Fact: When Buss wants to do something and General Manager Mitch Kupchak, the veteran basketball mind — with 27 years as a Lakers executive and 14 as general manager — disagrees, Buss listens and has gone Kupchak’s way several times. They work together, not at odds.

Talking point: The future couldn’t look more bleak and the Lakers have never been at a lower ebb.

Fact: It’s pretty low, but the air has gone out of the balloon before. From the 1990-91 season, when the first of Mike Dunleavy’s teams went to the NBA Finals, until 1999-2000, when Jackson signed on and won his first of five NBA titles with the Lakers, the Lakers went without a championship, or a Finals appearance, or even a Pacific Division title. They won only 23 playoff games in those eight seasons. One of those seasons, they were 33-49 and missed the playoffs, just as they will this season.

Talking point: It looked like desperation, almost a plea to season ticket-holders, when Jeanie Buss went on radio and TV last week to put some Lakers spin on the controversy.
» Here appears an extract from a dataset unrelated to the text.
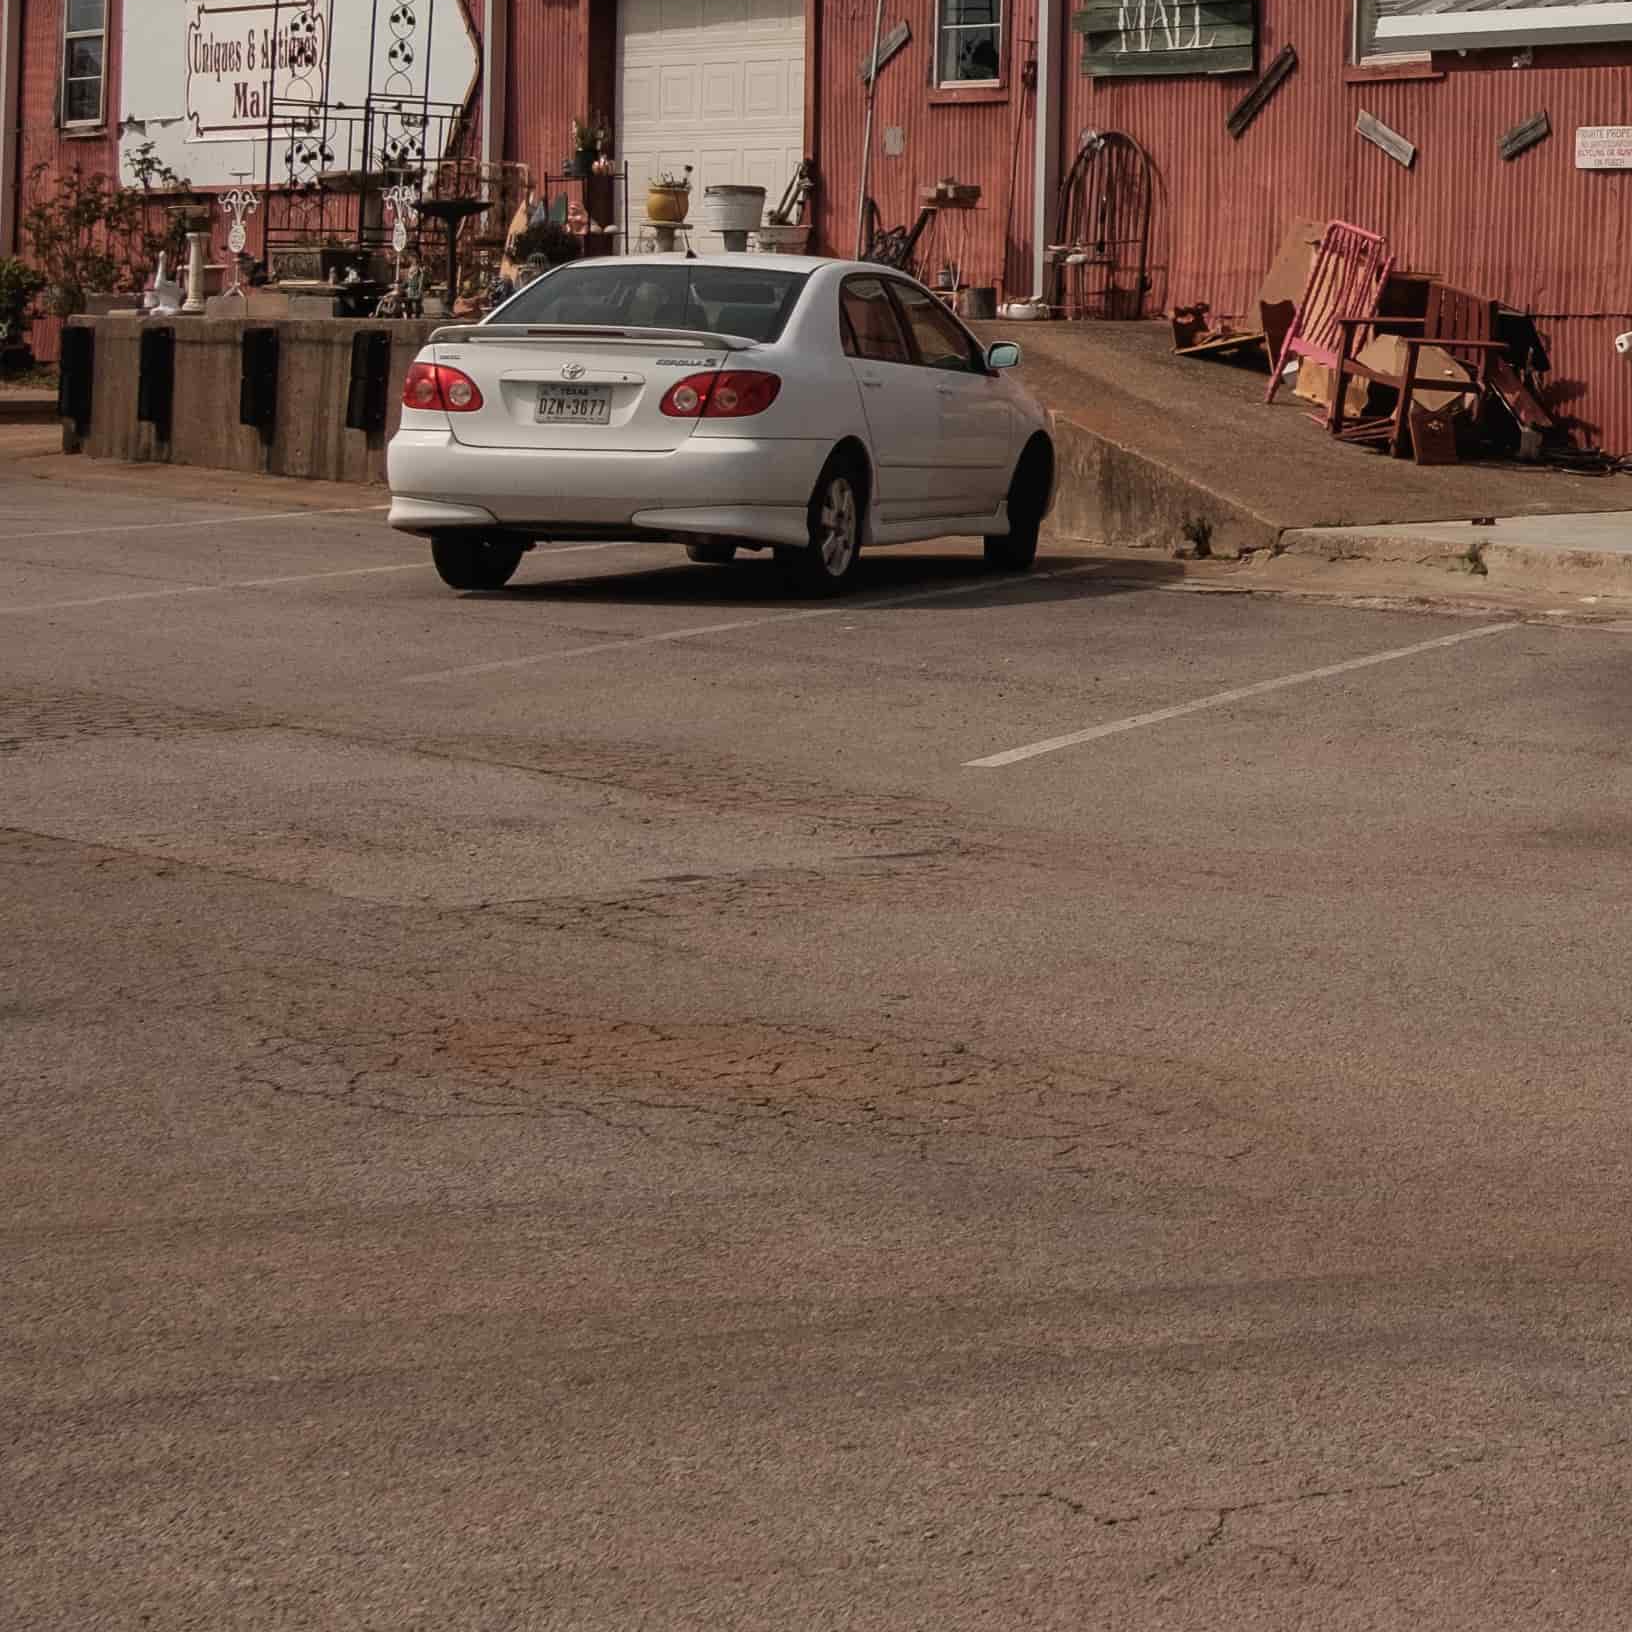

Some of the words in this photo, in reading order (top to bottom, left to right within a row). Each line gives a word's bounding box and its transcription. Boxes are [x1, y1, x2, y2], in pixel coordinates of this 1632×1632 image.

Fact: She did it only because the team’s broadcast partners, Time Warner Cable SportsNet and 710 ESPN, asked her to. They have paid handsomely for Lakers rights, so smart business dictated that she do the interviews. One perceptive radio caller asked why she was doing interviews now. That’s why.

Talking point: The $48.5-million contract given to Kobe Bryant for the next two seasons was stupid. He is injured and will be 36 when he starts his next season.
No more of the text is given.